- _Annotated photo localization data_

- - -

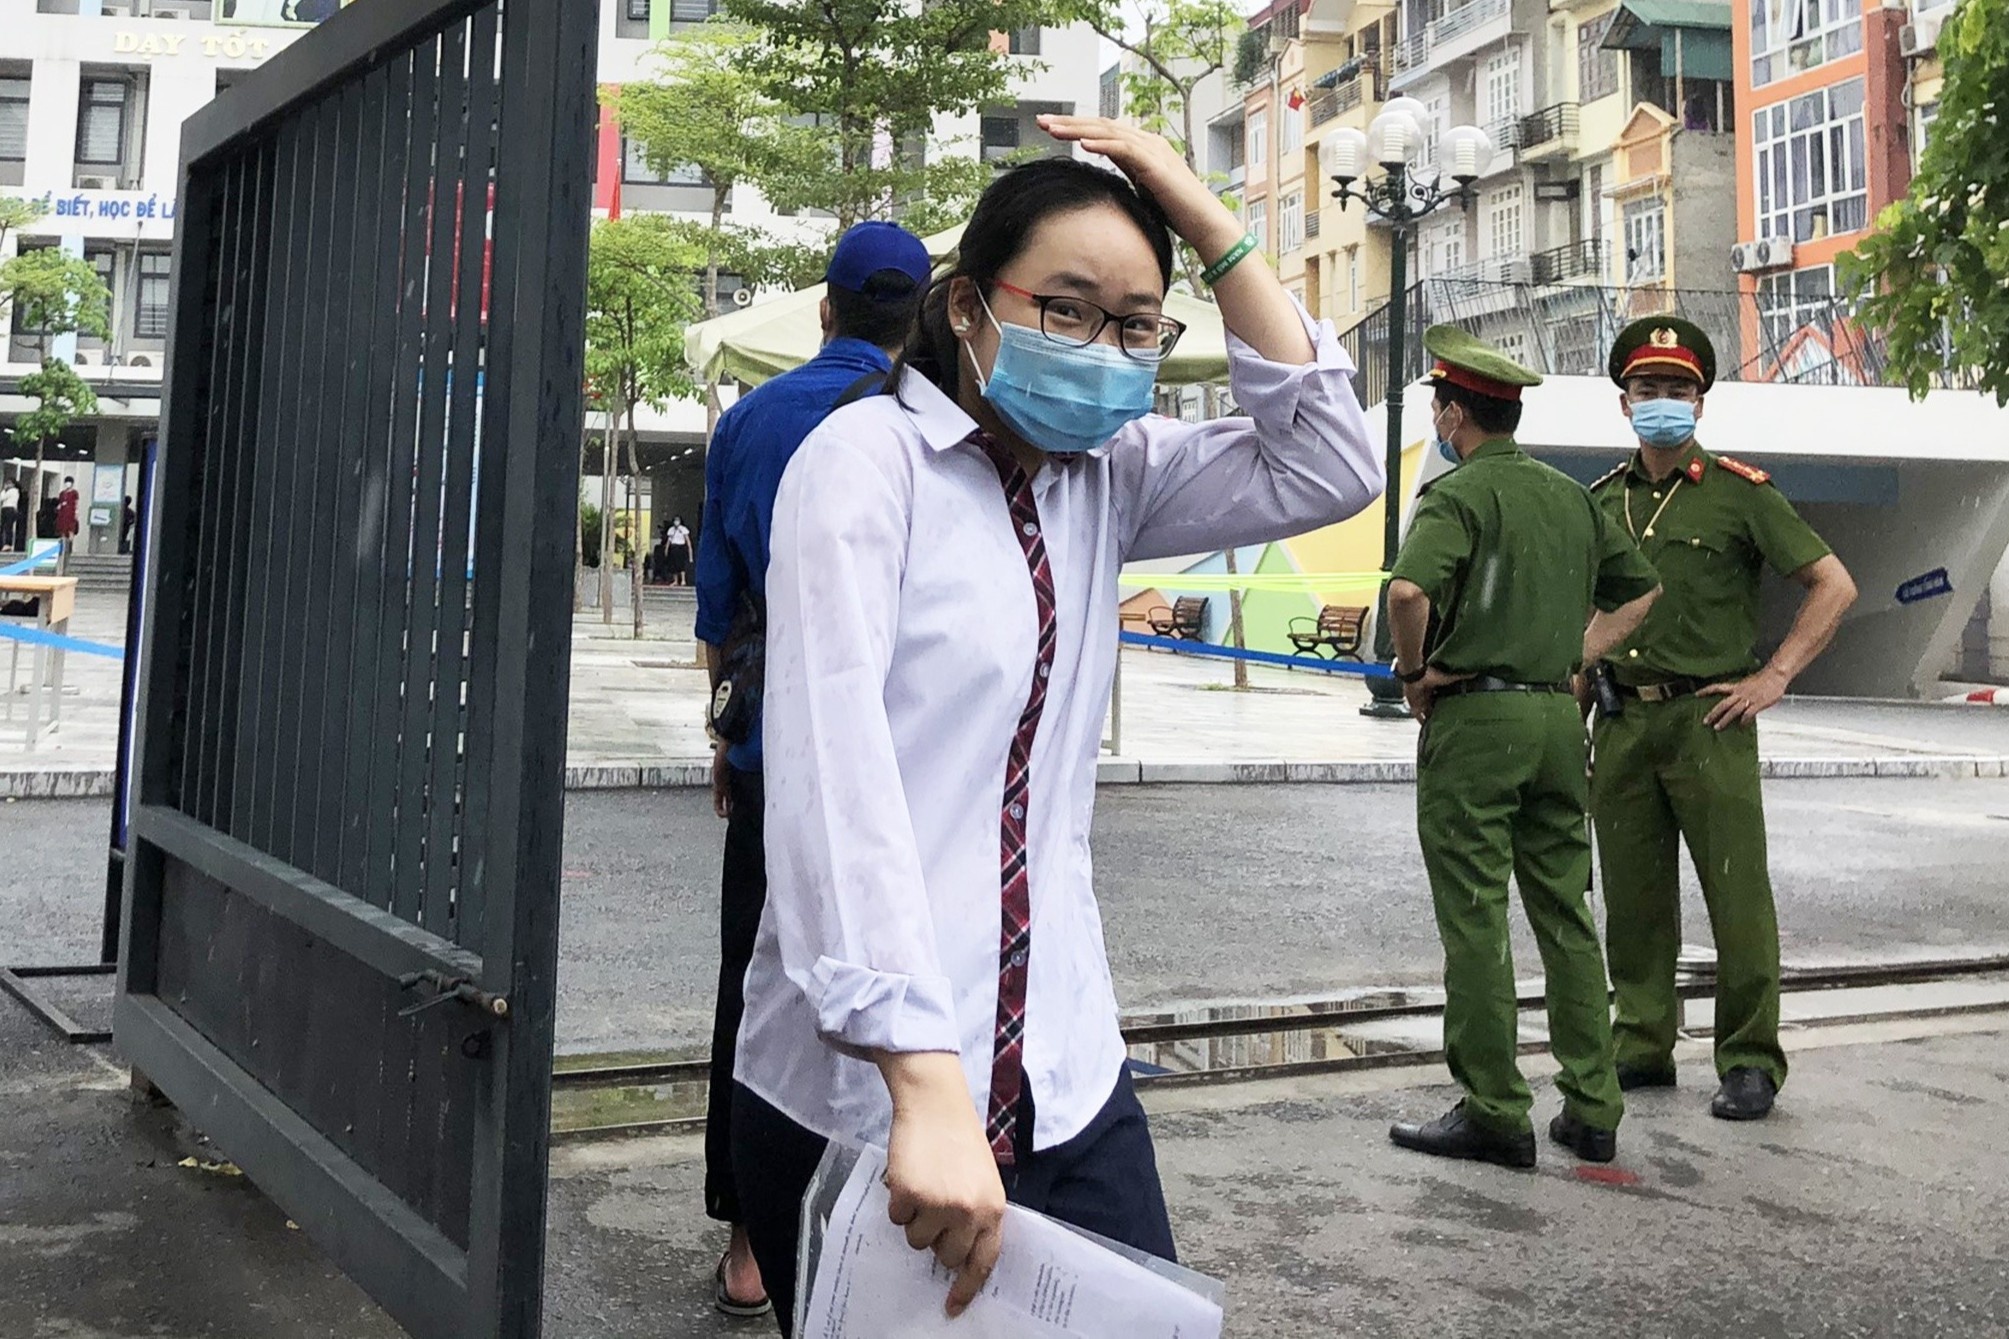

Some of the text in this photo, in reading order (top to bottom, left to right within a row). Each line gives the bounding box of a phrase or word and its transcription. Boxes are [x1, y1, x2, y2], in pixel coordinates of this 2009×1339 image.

[113, 28, 269, 60] DẠY TỐT
[56, 193, 94, 219] BIẾT,
[99, 200, 131, 220] HỌC
[136, 193, 157, 218] ĐỂ

- - -

- _THE TASK_
Without the pictures, give back the entries exactly.

- _TASK RESULT_
Some of the text in this photo, in reading order (top to bottom, left to right within a row). Each line gives the bounding box of a phrase or word and its transcription. Boxes are [x1, y1, x2, y2], in pixel coordinates of this 2009×1339 image.

[113, 28, 269, 60] DẠY TỐT
[56, 193, 94, 219] BIẾT,
[99, 200, 131, 220] HỌC
[136, 193, 157, 218] ĐỂ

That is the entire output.